Your response should be the lines from the one holding "Some of the words" to the last line of the data below, copied exactly and with no additions.

■ ■ ■

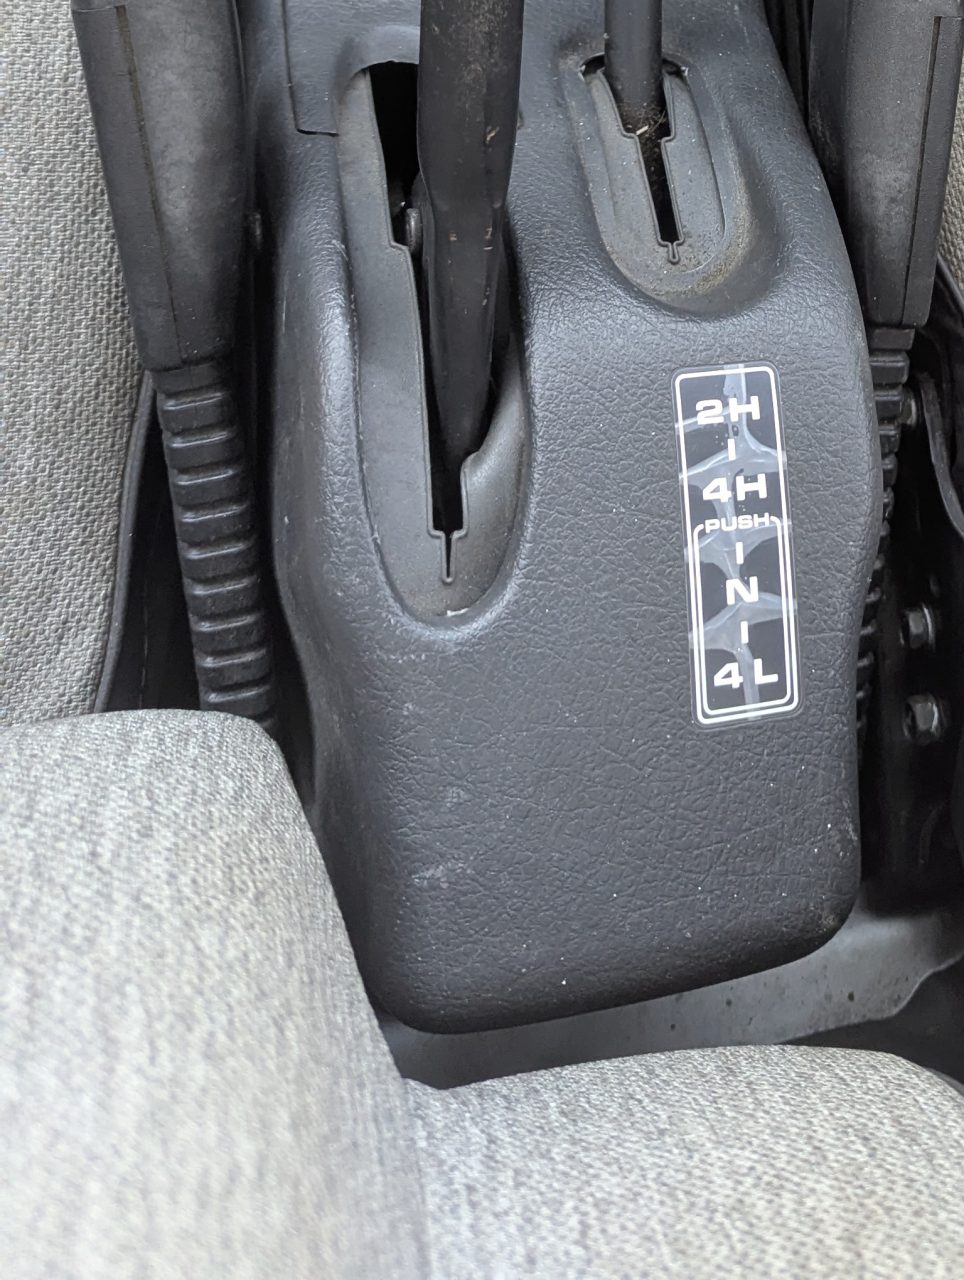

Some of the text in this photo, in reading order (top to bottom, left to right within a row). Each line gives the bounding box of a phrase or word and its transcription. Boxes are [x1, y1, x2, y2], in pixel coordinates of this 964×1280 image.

[696, 395, 761, 425] 2H
[702, 473, 768, 503] 4H
[705, 513, 770, 533] PUSH
[726, 576, 760, 605] N
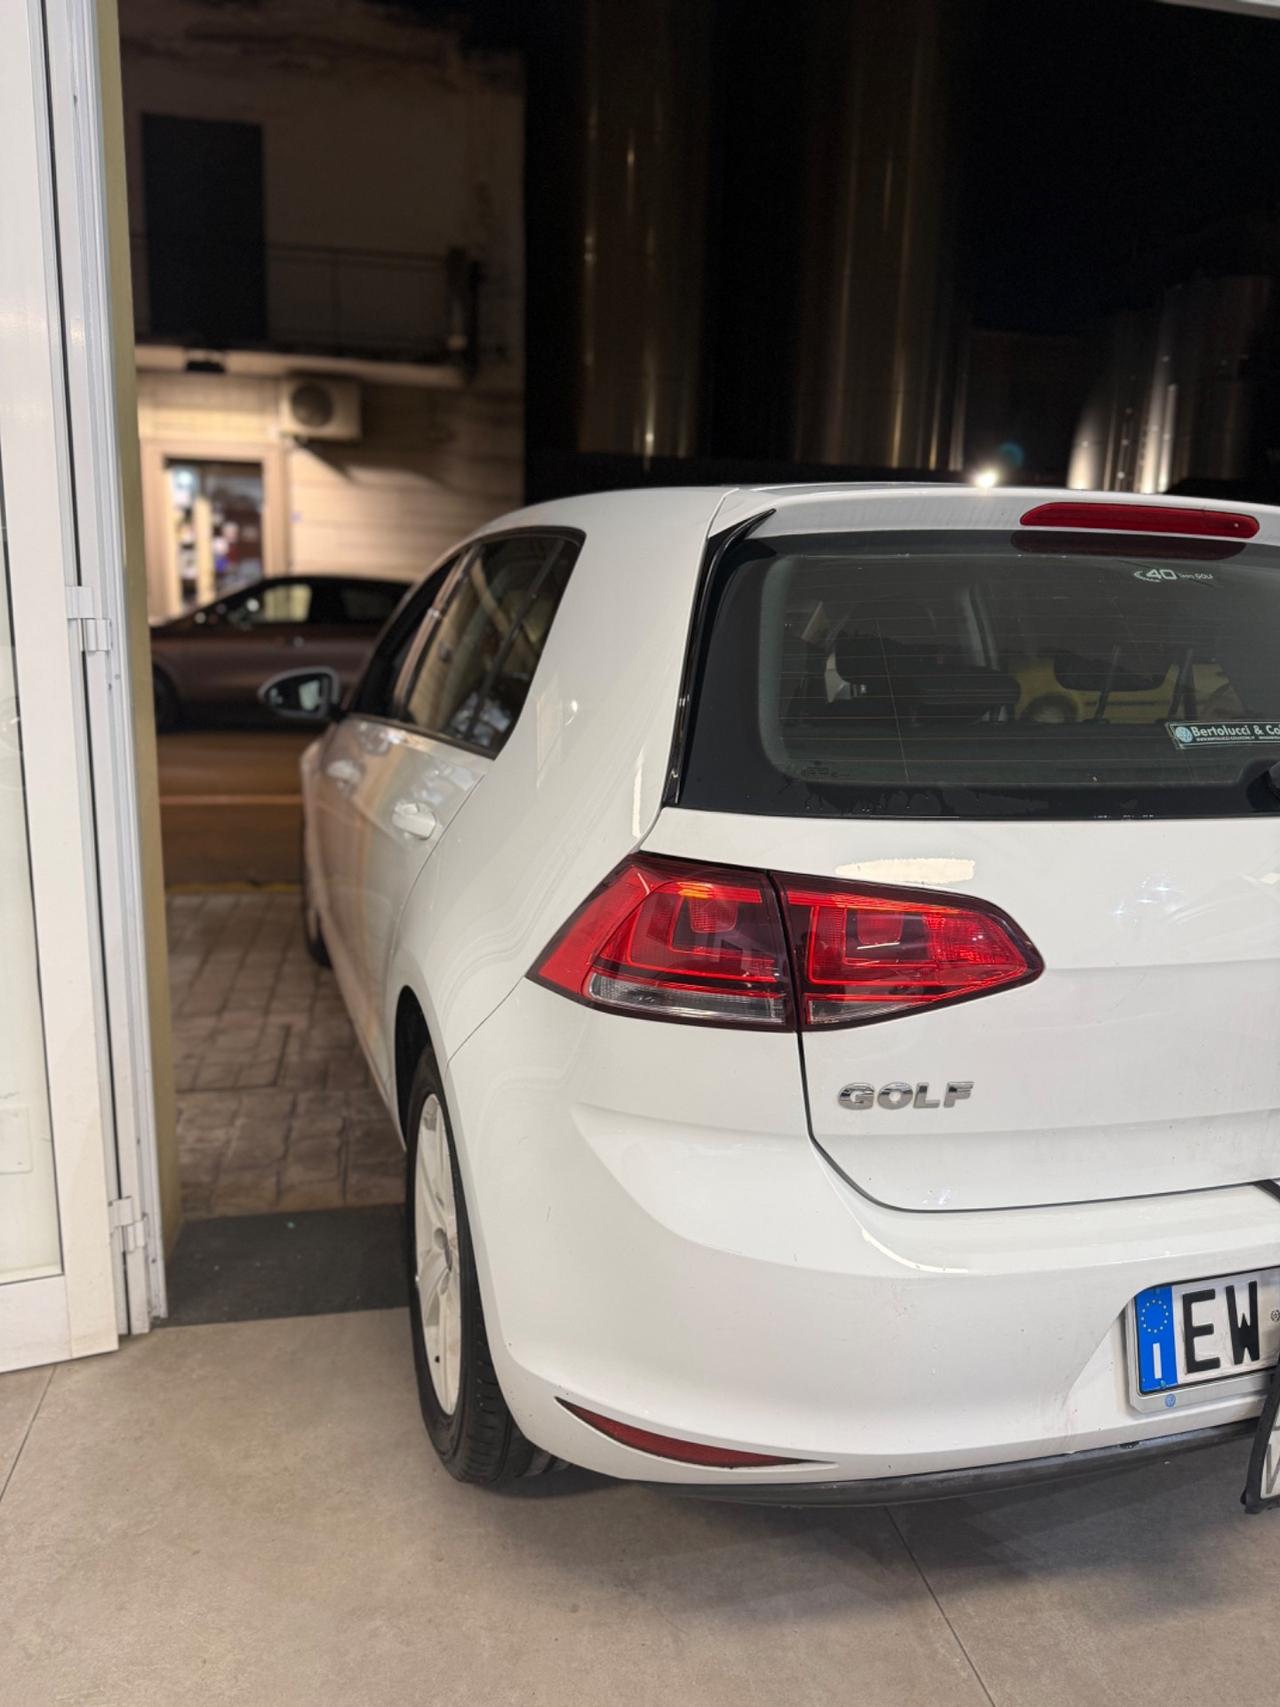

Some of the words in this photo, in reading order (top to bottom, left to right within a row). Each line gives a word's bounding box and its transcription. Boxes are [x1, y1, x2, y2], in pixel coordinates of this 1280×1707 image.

[1146, 569, 1177, 579] 40
[1190, 725, 1250, 737] Bertolucci
[1253, 725, 1264, 735] &
[1266, 724, 1280, 735] Co
[838, 1081, 975, 1110] GOLF
[1182, 1280, 1260, 1374] EW

■ ■ ■

* [Exercise solution]
Some of the words in this photo, in reading order (top to bottom, left to right within a row). Each line gives a word's bounding box and its transcription. Boxes are [x1, y1, x2, y2], in pixel coordinates of this 1280×1707 image.

[1146, 569, 1177, 579] 40
[1190, 725, 1250, 737] Bertolucci
[1253, 725, 1264, 735] &
[1266, 724, 1280, 735] Co
[838, 1081, 975, 1110] GOLF
[1182, 1280, 1260, 1374] EW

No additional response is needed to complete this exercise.